THE PROBLEM => Without the pictures, give the listing below again exactly.

RECORDS FOR THE TASK =>
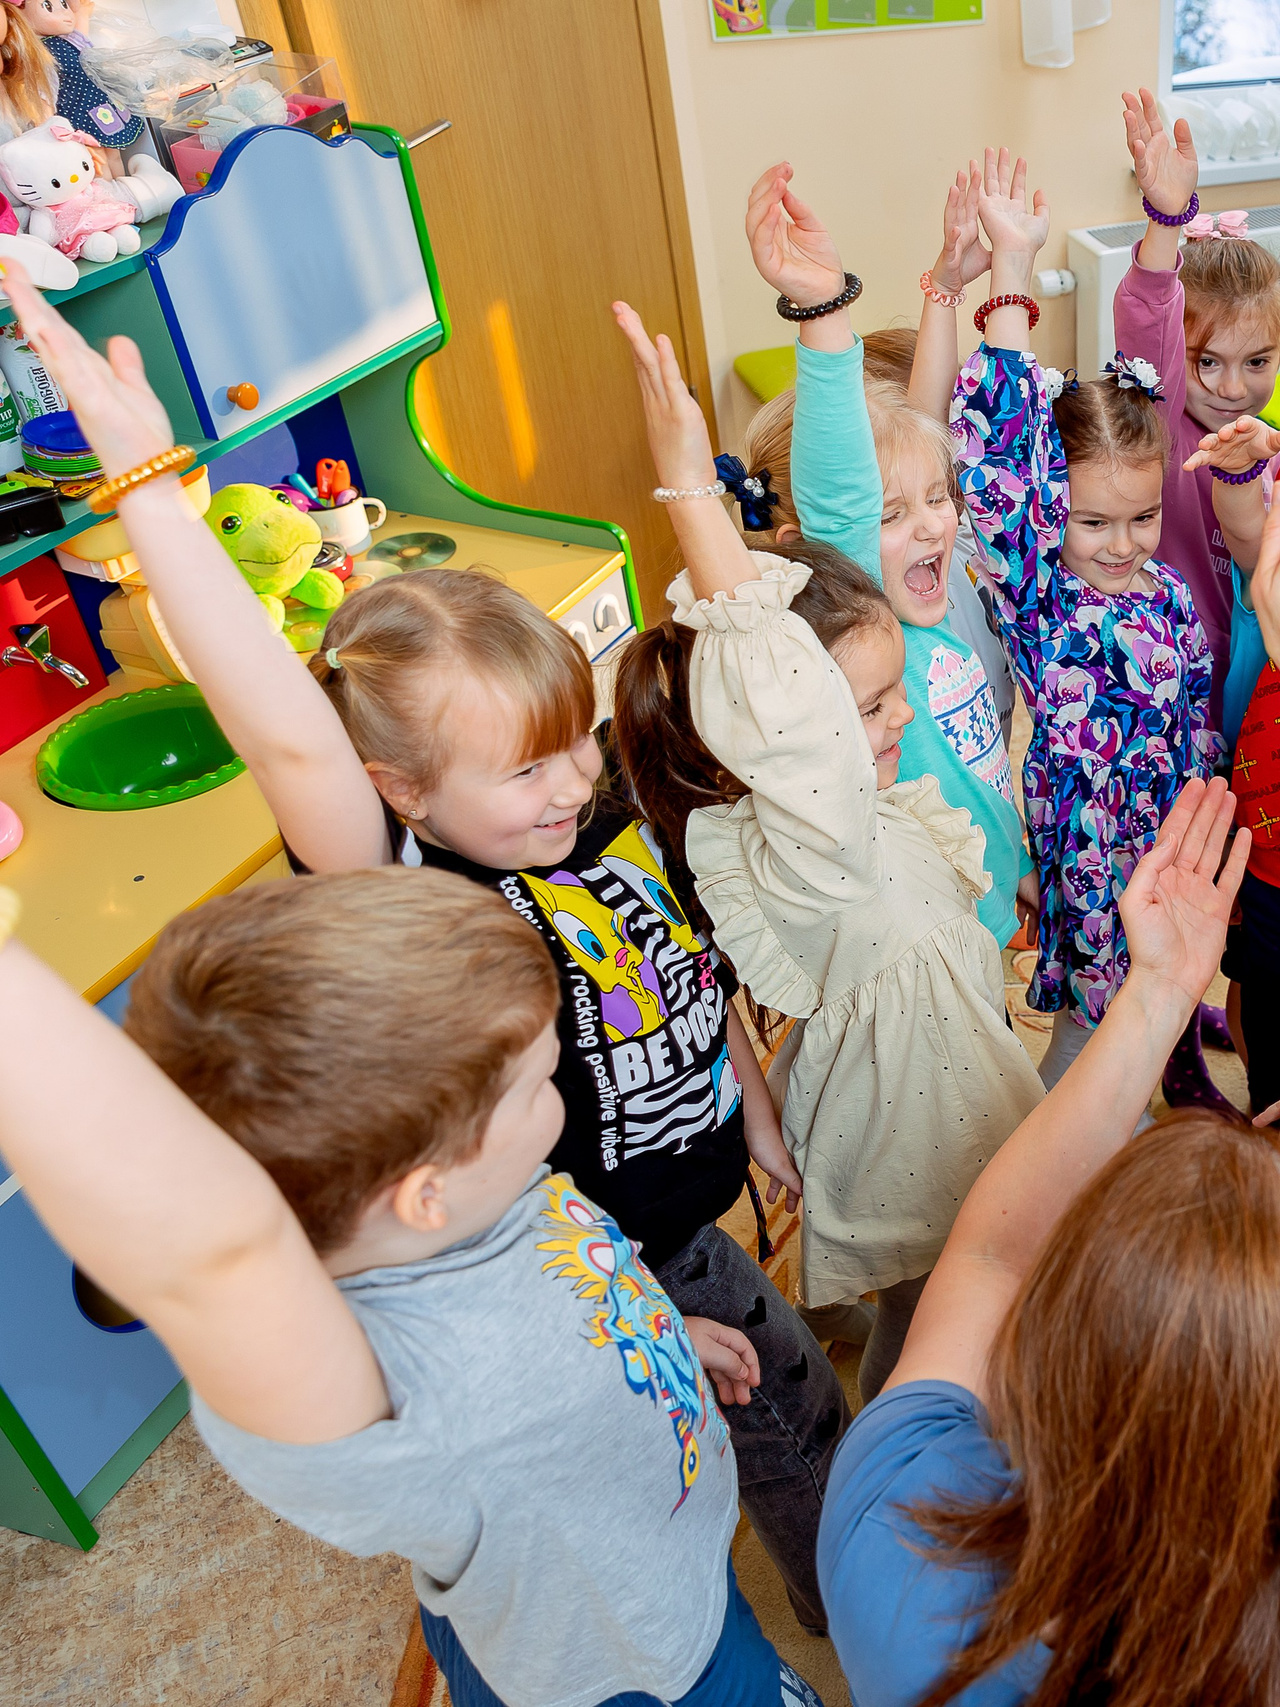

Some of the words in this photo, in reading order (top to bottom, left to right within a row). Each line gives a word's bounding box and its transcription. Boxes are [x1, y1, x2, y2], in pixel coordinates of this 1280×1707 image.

[570, 975, 599, 1048] rocking
[611, 1030, 674, 1095] BE
[670, 984, 728, 1067] POSI
[585, 1053, 620, 1121] positive
[601, 1127, 622, 1171] vibes
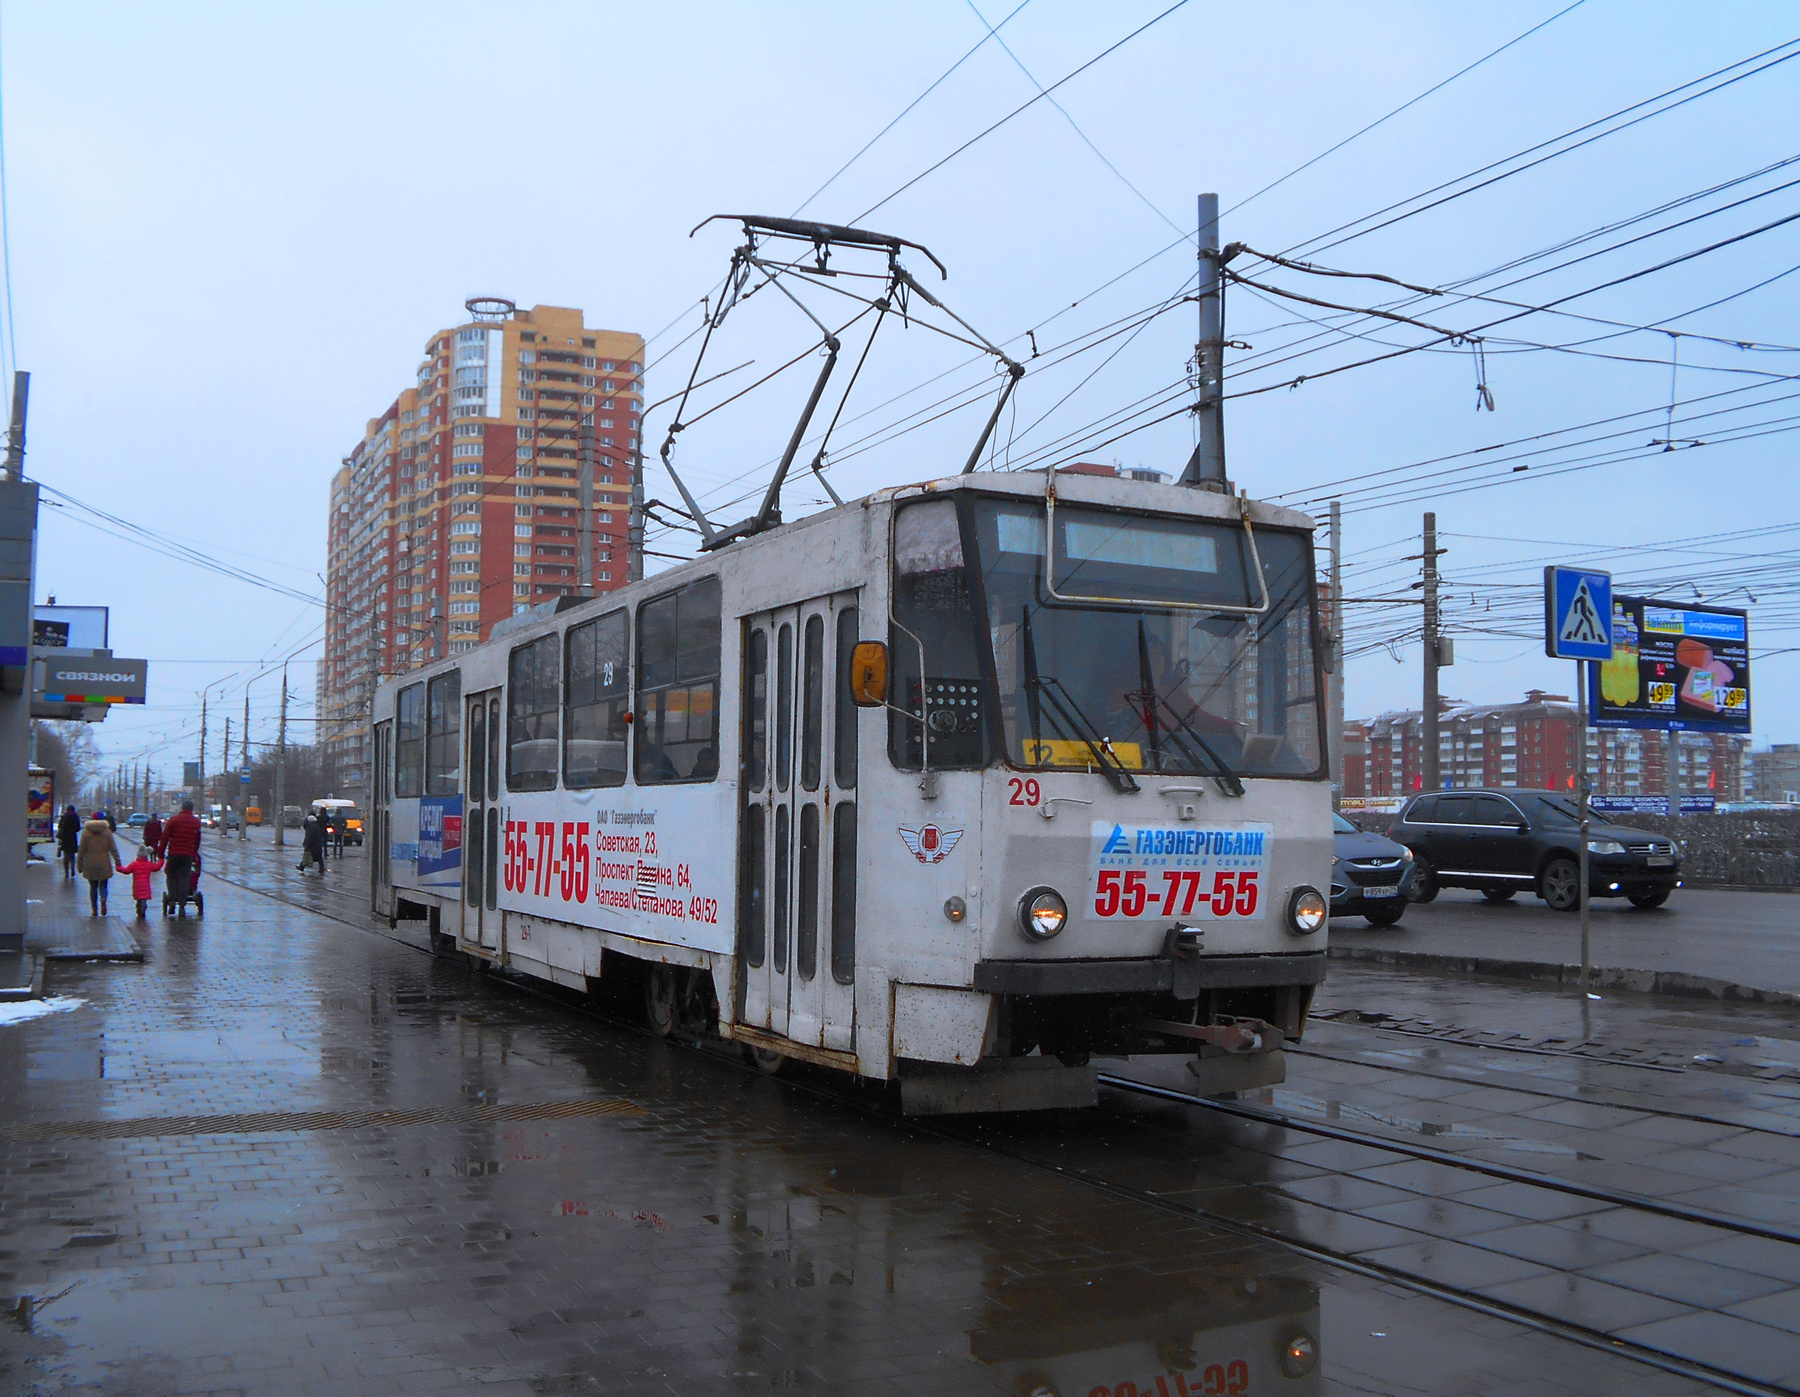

TASK SOLUTION =>
Some of the words in this photo, in reading order (top to bottom, left to right within a row). Each line gives a word's bounding box and its transcription. Boxes are [x1, y1, x2, y2], in pixel coordinates of this 1280×1707 image.

[570, 975, 599, 1048] rocking
[611, 1030, 674, 1095] BE
[670, 984, 728, 1067] POSI
[585, 1053, 620, 1121] positive
[601, 1127, 622, 1171] vibes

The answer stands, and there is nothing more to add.